Ho letto il Corano e lo considero un magnifico libro, pieno di saggezza, estremamente umano. Il problema è che la sua interpretazione è lasciata a chiunque voglia/sappia leggere le parole sagge......la mancanza di un punto di riferimento unico permette mille tendenze e sfumature. Posso comprendere la dotta 'dottrina' degli Sceicchi che rispondono al povero postulante, ma mi chiedo: sono dunque 'peccatori' anche tutti i ricchissimi sceicchi arabi che commerciano - per esempio (!!) - il prezioso oro nero con il resto del pianeta?.....Mi pare - lo dico con gran rispetto - che anche qui il denaro dei poveri mortali puzza di peccato, mentre quello degli emiri in Ferrari sia profumato e benedetto!.....business, tricky business, as usual.
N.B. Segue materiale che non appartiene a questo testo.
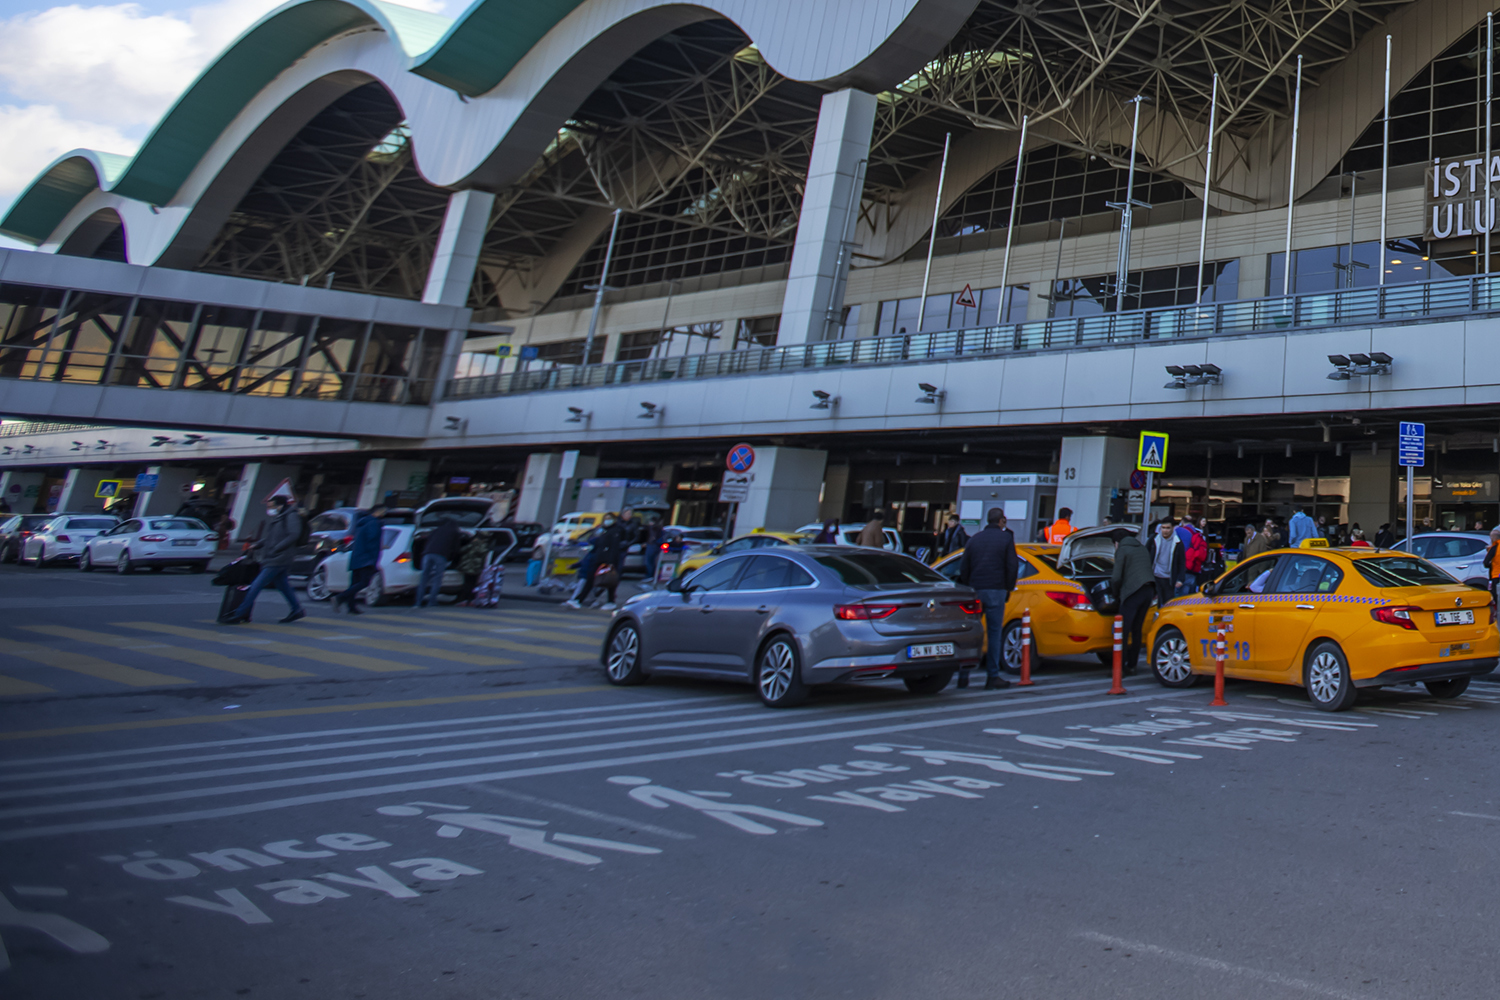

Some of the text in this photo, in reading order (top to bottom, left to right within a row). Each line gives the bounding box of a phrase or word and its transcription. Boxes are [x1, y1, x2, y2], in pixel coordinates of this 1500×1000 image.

Uno Chirac molto imbarazzato ha chiesto perdono alla Regina ed all'Inghilterra per le scritte indegne apparse sui muri di un cimitero che accoglie i resti di 11.000 soldati britannici caduti in terra francese. Se la memoria corta in qualche 'giovane pacifista arrabbiato' potrebbe essere scusabile, augurabile sarebbe lo sforzarsi di apprendere, di darsi una coscienza ed un pò di cultura prima di dar sfogo agli istinti barbari. E forse sarebbe augurabile anche per qualche politico poco illuminato....
Sentita oggi alla radio, a proposito del 'Grande Fratello': "Che vuole che le dica.....su tutti i canali si parla di guerra.....e allora guardiamo il Grande Fratello, almeno i bambini imparano qualcosa.."
Mi sarebbe piaciuto poter guardare negli occhi la ineffabile signora, e suggerire che si può anche leggere un bel libro (magari proprio '1984', di Orwell!), ascoltare musica, giocare con i bambini o fare un mucchio d'altre cose. Penso che la trasmissione di cui parla la signora sia esecrabile, ma ancora più indegno è chi la guarda. So di essere radicale, in questo. Ma ne sono orgoglioso. E se poi si pensa che - in mancanza d'altro - si possa 'ripiegare' educativamente su quella trasmissione, mi vengono voglie antiche, voglie di separazione, di espatriare per isole lontane....lontane da questa insulsa, vile umanità. Bah.....!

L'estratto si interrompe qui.